The task: Word for word, copy every line of the data.

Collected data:
◆ ◆ ◆ ◆ ◆ ◆ ◆

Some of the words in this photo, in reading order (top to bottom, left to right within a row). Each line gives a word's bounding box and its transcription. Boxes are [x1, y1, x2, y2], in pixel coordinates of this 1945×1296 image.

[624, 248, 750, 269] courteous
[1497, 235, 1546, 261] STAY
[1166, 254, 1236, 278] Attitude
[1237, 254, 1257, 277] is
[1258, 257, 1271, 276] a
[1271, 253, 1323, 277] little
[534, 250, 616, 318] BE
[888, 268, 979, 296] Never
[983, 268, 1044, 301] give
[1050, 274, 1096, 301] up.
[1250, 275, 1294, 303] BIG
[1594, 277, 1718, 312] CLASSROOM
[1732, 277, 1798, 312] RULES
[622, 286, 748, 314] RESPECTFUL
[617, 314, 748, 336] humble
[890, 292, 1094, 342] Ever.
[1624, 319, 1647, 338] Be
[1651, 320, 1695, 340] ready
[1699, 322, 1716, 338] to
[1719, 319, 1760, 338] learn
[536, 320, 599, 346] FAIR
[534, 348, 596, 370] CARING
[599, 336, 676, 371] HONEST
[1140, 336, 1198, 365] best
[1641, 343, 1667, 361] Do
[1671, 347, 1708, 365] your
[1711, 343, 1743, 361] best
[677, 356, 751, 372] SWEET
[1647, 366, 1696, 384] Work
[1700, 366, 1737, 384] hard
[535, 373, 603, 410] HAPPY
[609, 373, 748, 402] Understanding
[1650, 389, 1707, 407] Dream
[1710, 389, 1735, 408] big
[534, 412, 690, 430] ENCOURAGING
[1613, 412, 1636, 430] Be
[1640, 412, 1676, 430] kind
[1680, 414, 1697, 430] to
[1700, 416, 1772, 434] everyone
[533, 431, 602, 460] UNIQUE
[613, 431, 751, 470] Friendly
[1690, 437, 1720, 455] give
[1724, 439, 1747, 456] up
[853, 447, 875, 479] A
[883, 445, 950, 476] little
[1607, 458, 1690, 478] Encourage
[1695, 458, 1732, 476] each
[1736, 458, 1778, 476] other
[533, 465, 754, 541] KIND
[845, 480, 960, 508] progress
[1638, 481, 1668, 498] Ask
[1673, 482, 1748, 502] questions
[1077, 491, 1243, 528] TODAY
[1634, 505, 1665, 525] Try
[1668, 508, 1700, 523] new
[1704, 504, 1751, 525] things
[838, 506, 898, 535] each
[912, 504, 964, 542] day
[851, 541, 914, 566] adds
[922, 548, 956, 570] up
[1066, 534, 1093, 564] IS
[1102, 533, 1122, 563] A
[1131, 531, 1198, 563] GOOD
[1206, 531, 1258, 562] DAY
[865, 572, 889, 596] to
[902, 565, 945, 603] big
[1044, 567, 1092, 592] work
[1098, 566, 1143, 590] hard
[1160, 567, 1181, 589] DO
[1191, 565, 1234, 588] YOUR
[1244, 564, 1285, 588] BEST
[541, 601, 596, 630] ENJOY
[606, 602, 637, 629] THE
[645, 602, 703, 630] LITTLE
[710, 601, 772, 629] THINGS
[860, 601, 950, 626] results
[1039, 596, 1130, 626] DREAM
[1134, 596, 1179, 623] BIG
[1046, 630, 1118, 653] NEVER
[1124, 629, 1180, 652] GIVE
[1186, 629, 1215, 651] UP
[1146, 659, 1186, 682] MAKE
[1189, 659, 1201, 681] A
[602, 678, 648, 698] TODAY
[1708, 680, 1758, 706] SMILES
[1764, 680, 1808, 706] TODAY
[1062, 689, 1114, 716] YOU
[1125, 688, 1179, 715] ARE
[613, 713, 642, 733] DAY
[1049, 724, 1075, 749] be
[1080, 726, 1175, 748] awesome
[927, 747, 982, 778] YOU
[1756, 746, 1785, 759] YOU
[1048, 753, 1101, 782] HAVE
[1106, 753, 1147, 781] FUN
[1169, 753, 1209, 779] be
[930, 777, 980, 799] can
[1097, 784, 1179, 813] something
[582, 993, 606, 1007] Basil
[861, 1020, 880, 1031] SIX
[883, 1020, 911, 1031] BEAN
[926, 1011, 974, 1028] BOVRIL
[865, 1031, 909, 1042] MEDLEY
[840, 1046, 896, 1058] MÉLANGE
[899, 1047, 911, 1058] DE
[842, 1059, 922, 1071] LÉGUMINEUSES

◆ ◆ ◆ ◆ ◆ ◆ ◆

Solution to this task:
Some of the words in this photo, in reading order (top to bottom, left to right within a row). Each line gives a word's bounding box and its transcription. Boxes are [x1, y1, x2, y2], in pixel coordinates of this 1945×1296 image.

[624, 248, 750, 269] courteous
[1497, 235, 1546, 261] STAY
[1166, 254, 1236, 278] Attitude
[1237, 254, 1257, 277] is
[1258, 257, 1271, 276] a
[1271, 253, 1323, 277] little
[534, 250, 616, 318] BE
[888, 268, 979, 296] Never
[983, 268, 1044, 301] give
[1050, 274, 1096, 301] up.
[1250, 275, 1294, 303] BIG
[1594, 277, 1718, 312] CLASSROOM
[1732, 277, 1798, 312] RULES
[622, 286, 748, 314] RESPECTFUL
[617, 314, 748, 336] humble
[890, 292, 1094, 342] Ever.
[1624, 319, 1647, 338] Be
[1651, 320, 1695, 340] ready
[1699, 322, 1716, 338] to
[1719, 319, 1760, 338] learn
[536, 320, 599, 346] FAIR
[534, 348, 596, 370] CARING
[599, 336, 676, 371] HONEST
[1140, 336, 1198, 365] best
[1641, 343, 1667, 361] Do
[1671, 347, 1708, 365] your
[1711, 343, 1743, 361] best
[677, 356, 751, 372] SWEET
[1647, 366, 1696, 384] Work
[1700, 366, 1737, 384] hard
[535, 373, 603, 410] HAPPY
[609, 373, 748, 402] Understanding
[1650, 389, 1707, 407] Dream
[1710, 389, 1735, 408] big
[534, 412, 690, 430] ENCOURAGING
[1613, 412, 1636, 430] Be
[1640, 412, 1676, 430] kind
[1680, 414, 1697, 430] to
[1700, 416, 1772, 434] everyone
[533, 431, 602, 460] UNIQUE
[613, 431, 751, 470] Friendly
[1690, 437, 1720, 455] give
[1724, 439, 1747, 456] up
[853, 447, 875, 479] A
[883, 445, 950, 476] little
[1607, 458, 1690, 478] Encourage
[1695, 458, 1732, 476] each
[1736, 458, 1778, 476] other
[533, 465, 754, 541] KIND
[845, 480, 960, 508] progress
[1638, 481, 1668, 498] Ask
[1673, 482, 1748, 502] questions
[1077, 491, 1243, 528] TODAY
[1634, 505, 1665, 525] Try
[1668, 508, 1700, 523] new
[1704, 504, 1751, 525] things
[838, 506, 898, 535] each
[912, 504, 964, 542] day
[851, 541, 914, 566] adds
[922, 548, 956, 570] up
[1066, 534, 1093, 564] IS
[1102, 533, 1122, 563] A
[1131, 531, 1198, 563] GOOD
[1206, 531, 1258, 562] DAY
[865, 572, 889, 596] to
[902, 565, 945, 603] big
[1044, 567, 1092, 592] work
[1098, 566, 1143, 590] hard
[1160, 567, 1181, 589] DO
[1191, 565, 1234, 588] YOUR
[1244, 564, 1285, 588] BEST
[541, 601, 596, 630] ENJOY
[606, 602, 637, 629] THE
[645, 602, 703, 630] LITTLE
[710, 601, 772, 629] THINGS
[860, 601, 950, 626] results
[1039, 596, 1130, 626] DREAM
[1134, 596, 1179, 623] BIG
[1046, 630, 1118, 653] NEVER
[1124, 629, 1180, 652] GIVE
[1186, 629, 1215, 651] UP
[1146, 659, 1186, 682] MAKE
[1189, 659, 1201, 681] A
[602, 678, 648, 698] TODAY
[1708, 680, 1758, 706] SMILES
[1764, 680, 1808, 706] TODAY
[1062, 689, 1114, 716] YOU
[1125, 688, 1179, 715] ARE
[613, 713, 642, 733] DAY
[1049, 724, 1075, 749] be
[1080, 726, 1175, 748] awesome
[927, 747, 982, 778] YOU
[1756, 746, 1785, 759] YOU
[1048, 753, 1101, 782] HAVE
[1106, 753, 1147, 781] FUN
[1169, 753, 1209, 779] be
[930, 777, 980, 799] can
[1097, 784, 1179, 813] something
[582, 993, 606, 1007] Basil
[861, 1020, 880, 1031] SIX
[883, 1020, 911, 1031] BEAN
[926, 1011, 974, 1028] BOVRIL
[865, 1031, 909, 1042] MEDLEY
[840, 1046, 896, 1058] MÉLANGE
[899, 1047, 911, 1058] DE
[842, 1059, 922, 1071] LÉGUMINEUSES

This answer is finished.